Showing posts with label The Booger Vault. Show all posts
Showing posts with label The Booger Vault. Show all posts

Friday, December 25, 2020

Merry Christmas

Hay Street, Fayetteville, NC

The bars were razed and the hookers who tagged along were dispersed. That was all the civilians wanted. To spread Hay Street across Fayetteville like margarine on Wonder bread.

Three generations of bloused boot paratroopers spent Christmas on Hay Street. Cheering beer and strippers in Suzy Wong, The Seven Dwarfs or Pop A Top Lounge.

30 years later I walk an unforgotten route and nothing's the same. Cocky paratroopers are replaced with the waddling middle class twirling pasta in ersatz Italian restaurants.


Santa poses for pictures and I follow him to my hotel bar. He joins a red head and she smiles offering him a saved bar stool. He lights a cigarette with a Bic and orders a drink.

I think of Christmas when I was 19. Offering a stripper a heart shaped Whitman Sampler in my Bullit black turtleneck. She smiles down at me from her stage. When I think of her... I smile at Santa and buy him a drink.

Saturday, December 12, 2020

Turnbull & Asser's Smoking Smoker

Anachronistic? Without doubt. Expensive? You bet. Mind numbingly beautiful? Depends on who are you. If you're like me... a sucker for out of date, hand crafted attire that most likely will never see the light of day outside your own four walls...then you'll love the smoking jacket. I've written at length about them here.

It makes absolutely no sense in today's world. It's the buggy whip of formal attire but it's also an unmitigated work of art. Last December I took a poll of New York City haberdashers on smoking jacket sales.

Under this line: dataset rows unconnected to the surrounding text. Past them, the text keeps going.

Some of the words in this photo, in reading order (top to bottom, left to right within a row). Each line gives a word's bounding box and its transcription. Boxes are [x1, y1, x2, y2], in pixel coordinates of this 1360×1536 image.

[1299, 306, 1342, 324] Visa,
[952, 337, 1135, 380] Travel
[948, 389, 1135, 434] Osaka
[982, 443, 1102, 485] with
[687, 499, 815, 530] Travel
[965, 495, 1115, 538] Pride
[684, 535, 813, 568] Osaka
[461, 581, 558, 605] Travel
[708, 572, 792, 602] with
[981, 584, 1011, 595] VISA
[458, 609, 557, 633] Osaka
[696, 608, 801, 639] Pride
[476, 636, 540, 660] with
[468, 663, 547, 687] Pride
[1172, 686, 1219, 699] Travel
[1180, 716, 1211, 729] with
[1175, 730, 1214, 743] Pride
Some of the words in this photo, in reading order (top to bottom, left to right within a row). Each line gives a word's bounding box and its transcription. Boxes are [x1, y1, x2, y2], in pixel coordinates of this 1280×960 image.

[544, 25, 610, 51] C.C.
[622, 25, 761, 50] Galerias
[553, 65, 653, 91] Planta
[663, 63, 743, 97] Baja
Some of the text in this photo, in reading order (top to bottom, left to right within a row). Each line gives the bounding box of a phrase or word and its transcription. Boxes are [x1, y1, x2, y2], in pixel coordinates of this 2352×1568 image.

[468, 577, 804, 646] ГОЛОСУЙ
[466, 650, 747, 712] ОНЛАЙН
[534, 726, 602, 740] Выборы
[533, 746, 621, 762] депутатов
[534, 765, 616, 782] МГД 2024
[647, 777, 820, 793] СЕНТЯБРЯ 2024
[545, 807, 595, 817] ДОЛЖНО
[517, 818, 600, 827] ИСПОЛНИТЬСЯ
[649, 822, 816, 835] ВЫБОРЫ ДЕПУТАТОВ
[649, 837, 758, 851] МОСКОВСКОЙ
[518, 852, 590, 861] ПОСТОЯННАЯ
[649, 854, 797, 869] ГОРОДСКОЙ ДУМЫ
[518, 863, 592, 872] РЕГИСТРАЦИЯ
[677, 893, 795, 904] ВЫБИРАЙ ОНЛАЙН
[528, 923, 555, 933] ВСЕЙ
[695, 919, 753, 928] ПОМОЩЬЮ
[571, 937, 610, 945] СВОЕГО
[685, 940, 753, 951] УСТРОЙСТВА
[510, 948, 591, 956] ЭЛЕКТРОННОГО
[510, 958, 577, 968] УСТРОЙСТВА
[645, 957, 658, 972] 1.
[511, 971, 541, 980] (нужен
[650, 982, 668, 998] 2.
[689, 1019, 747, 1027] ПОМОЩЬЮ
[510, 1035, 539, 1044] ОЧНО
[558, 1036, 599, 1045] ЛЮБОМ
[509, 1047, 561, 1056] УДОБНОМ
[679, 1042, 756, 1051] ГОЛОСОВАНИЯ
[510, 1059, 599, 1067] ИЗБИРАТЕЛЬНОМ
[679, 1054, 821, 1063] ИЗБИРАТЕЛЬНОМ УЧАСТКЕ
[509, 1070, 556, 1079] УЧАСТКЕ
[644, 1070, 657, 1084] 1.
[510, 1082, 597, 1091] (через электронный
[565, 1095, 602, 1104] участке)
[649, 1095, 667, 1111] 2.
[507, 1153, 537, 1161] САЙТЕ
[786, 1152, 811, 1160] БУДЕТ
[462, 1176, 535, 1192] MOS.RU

It's complicated depending on the retailer but know this -- They ain't flying off the shelves.

All the more reason to have one. Trust me...you're not gonna run into anyone wearing a smoking jacket at a black tie Christmas or New Years party. But you'll need some hefty stones to pull it off. I'd say no if you're under 25. Maybe even 35. Why? You'll look silly because you don't deserve it...yet.

I remember entertaining a lady friend in my college dorm room just before Christmas break. Astrud Gilberto was on the Akai reel to reel while she sat on the edge of my bed with her legs crossed watching me pour tonic and gin into a cocktail shaker.

She arched an eyebrow and seconds later I understood why...She wasn't as interested in me as much as she wondered if I'd really shake tonic. I did. She smiled and left. I was all sticky. Good thing I wasn't wearing a Smoking Jacket.

Friday, December 4, 2020

The Trad Profile Report

Click on image to see naked women

Many thanks (and 32 points) to Yankee Whiskey Papa at Boxing The Compass for this.

Monday, November 9, 2020

C Rations & Latrines



No chunky - only smooth

C ration peanut butter was a smooth and flavorful spread that was often used in spoofing new soldiers. We called them Cherry's in the Airborne. SOP was a Cherry would be assigned to clean latrine toilets. Once finished, his attention would be diverted while a small amount of peanut butter would be placed surreptitiously on the bottom of one of his toilets. The tiny 'British Tan' pile would contrast nicely against the stark white porcelain.

At inspection, the young Cherry stood proudly by his row. An inspector would walk past upon review, stop at a toilet, point to it and ask the Cherry, "What in the hell is that?" The Cherry would come over and seeing the pile shake his head in disbelief. "I don't know, sergeant?"

The sergeant would peer down into the toilet, "It looks like shit." Reaching in, he'd take the peanut butter between thumb and middle finger and bring it to his nose, "It smells like shit." A startled Cherry would stare in horror as the sergeant would insert the peanut butter in his mouth and in lip smacking insouciance proclaim, "It tastes like shit." A shame Tommy Hilfiger missed out on all this.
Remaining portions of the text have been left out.